EXERCISE DESCRIPTION — Copy out the entries below exactly as they stand, but only from the line containing "Some of the text" through the line containing "this 1600×896 image.".

Text-to-region grounding data
■ ■ ■ ■ ■ ■ ■

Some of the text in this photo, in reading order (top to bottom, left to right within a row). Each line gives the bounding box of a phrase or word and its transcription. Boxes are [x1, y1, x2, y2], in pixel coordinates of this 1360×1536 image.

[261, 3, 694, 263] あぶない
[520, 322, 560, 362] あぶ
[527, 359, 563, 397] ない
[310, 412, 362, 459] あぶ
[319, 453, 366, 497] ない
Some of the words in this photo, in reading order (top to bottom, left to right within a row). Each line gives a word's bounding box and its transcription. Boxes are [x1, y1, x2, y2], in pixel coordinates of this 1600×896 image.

■ ■ ■ ■ ■ ■ ■

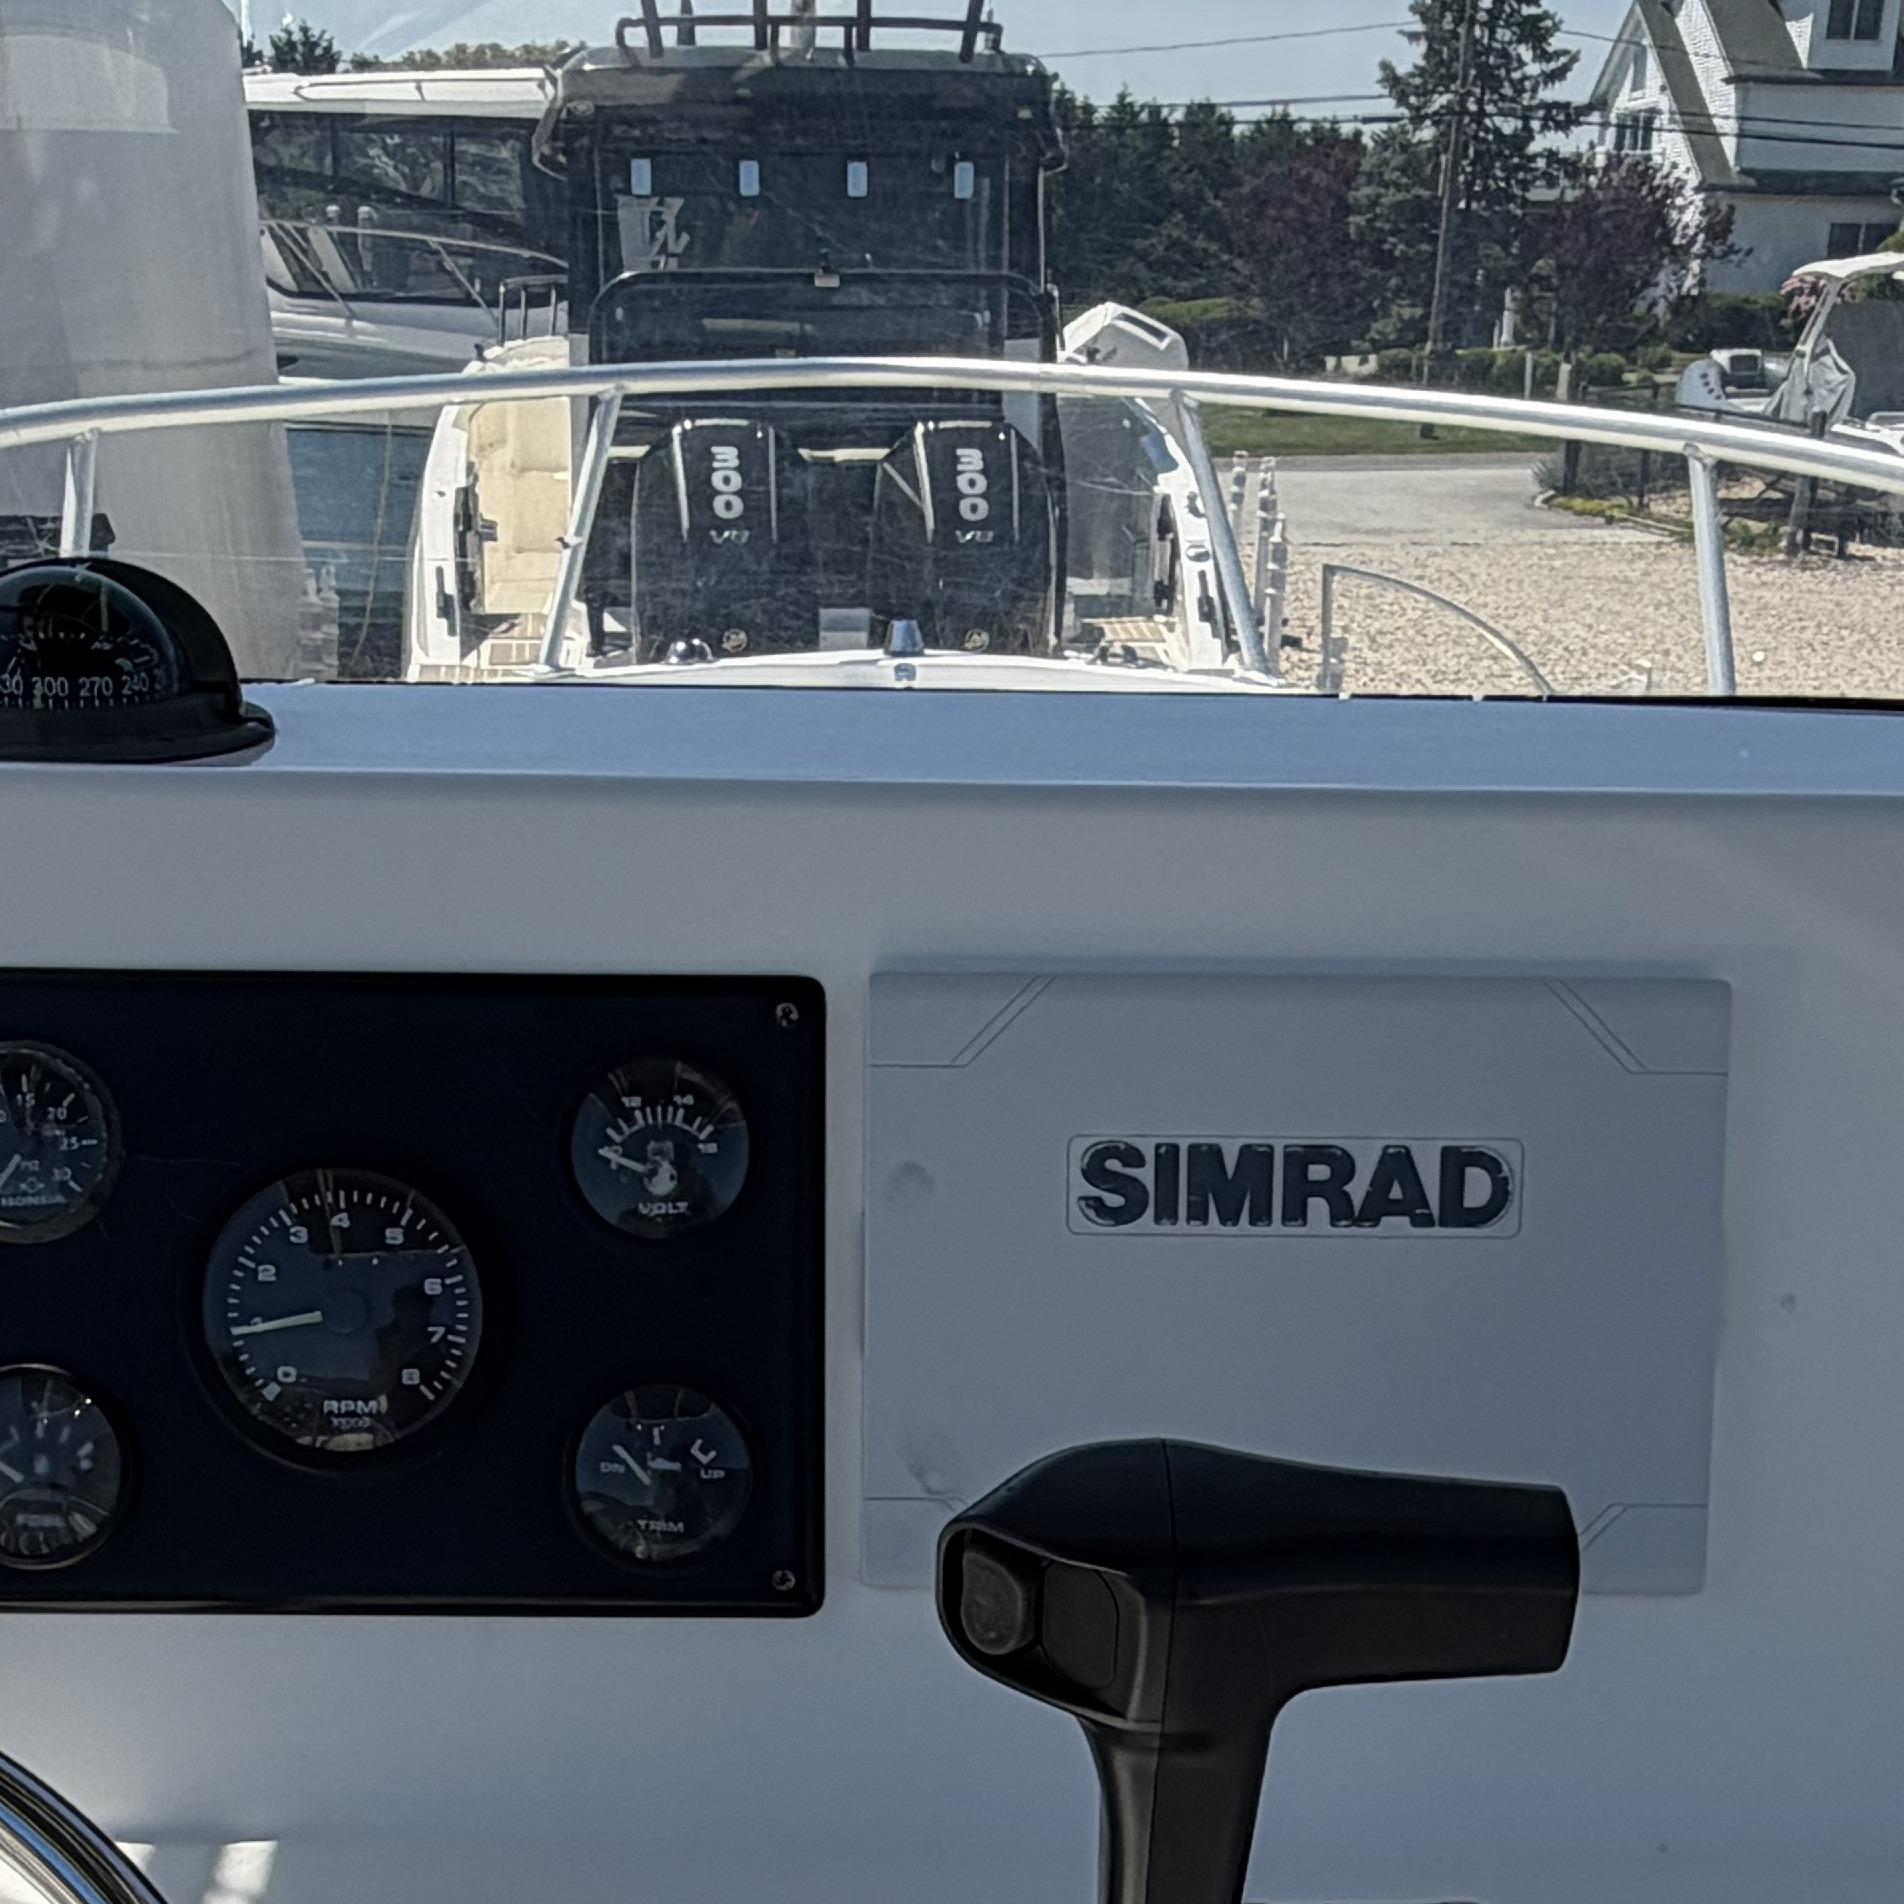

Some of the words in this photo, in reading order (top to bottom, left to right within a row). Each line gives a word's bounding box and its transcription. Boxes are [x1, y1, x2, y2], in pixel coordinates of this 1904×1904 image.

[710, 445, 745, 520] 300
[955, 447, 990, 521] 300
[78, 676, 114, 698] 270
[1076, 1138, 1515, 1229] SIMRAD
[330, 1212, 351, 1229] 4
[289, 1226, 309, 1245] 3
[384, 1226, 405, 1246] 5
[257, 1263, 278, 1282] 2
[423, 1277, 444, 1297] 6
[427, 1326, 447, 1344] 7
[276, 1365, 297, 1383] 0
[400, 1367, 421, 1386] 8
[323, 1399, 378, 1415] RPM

■ ■ ■ ■ ■ ■ ■

SOLUTION —
Some of the text in this photo, in reading order (top to bottom, left to right within a row). Each line gives the bounding box of a phrase or word and its transcription. Boxes are [x1, y1, x2, y2], in pixel coordinates of this 1360×1536 image.

[261, 3, 694, 263] あぶない
[520, 322, 560, 362] あぶ
[527, 359, 563, 397] ない
[310, 412, 362, 459] あぶ
[319, 453, 366, 497] ない
Some of the words in this photo, in reading order (top to bottom, left to right within a row). Each line gives a word's bounding box and its transcription. Boxes are [x1, y1, x2, y2], in pixel coordinates of this 1600×896 image.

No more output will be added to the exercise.